Für die „Berliner Philharmonie“ konzipierte sie einen kompletten „Heinz Erhardt-Abend“ mit den Klavierstücken und Gedichten. Das Programm kam auch als Gastspiel im Neu-Ulmer AuGuS-Theater gut an. Zwar neigte Ishii dazu, die an und für sich doch eher leichtfüßigen, an Offenbach, Strauss und den heiteren Tschaikowski erinnernden Klavierpreziosen mit hartem Anschlag etwas zu ernst zu fassen. Doch ihr Vortrag verschränkte sich bemerkenswert zu einem Lebensbild des Humoristen, der eben mehr war als ein „Spaßmacher“.

Spätromantik mit Tonideen aus Jazz und Musical

Seine Musik atmet den Geist der Spätromantik, verfällt allerdings selten ins Plakative, sondern mischt sich durchaus gekonnt auch mit damals modernen Tonideen, etwa aus Jazz und Musical. Erhards „Preludes“ sind, so Ishii, wie seine vierzeiligen Gedichte: kurz, knapp und unwiderstehlich. Und für einen Moment wird die Frage greifbar: Würden wir uns unter anderen Umständen womöglich nicht den Humoristen, sondern an den Komponisten Erhardt erinnern?

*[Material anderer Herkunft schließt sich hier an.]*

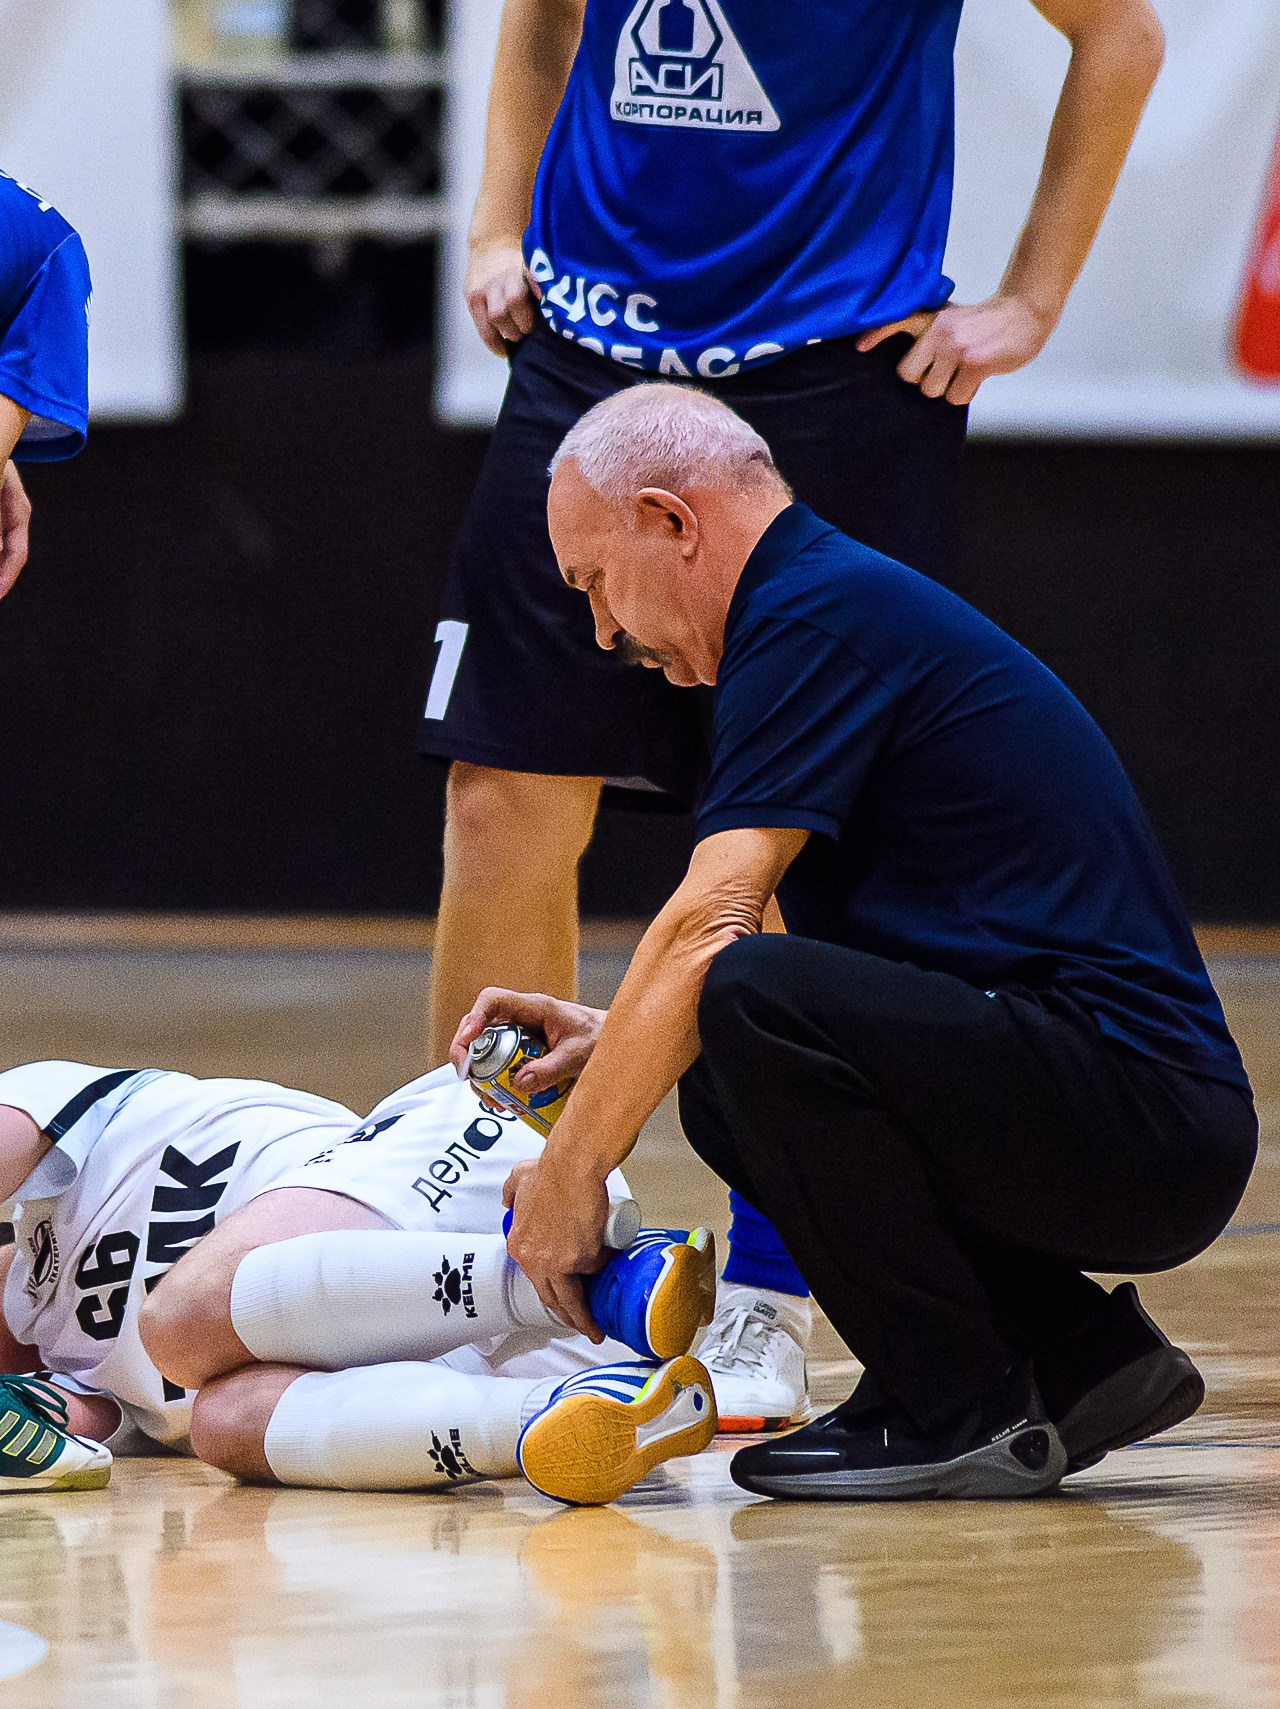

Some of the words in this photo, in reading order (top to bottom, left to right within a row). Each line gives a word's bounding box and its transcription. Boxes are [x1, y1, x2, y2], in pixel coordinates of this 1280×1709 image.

Das verstand Ishii mit dem wahren Herz eines Fans zu vermitteln, auch für Erhardt-„Neulinge“. Ein echtes Highlight war dabei auch der Umstand, dass Ishii weder im Gedichtvortrag noch bei der Musik eine Gedächtnisstütze benötigte: Als glühende Verehrerin des Humoristen und (bislang unbekannten) Musikers Erhardt konnte Ishii jede Zeile, jede Note auswendig. Chapeau!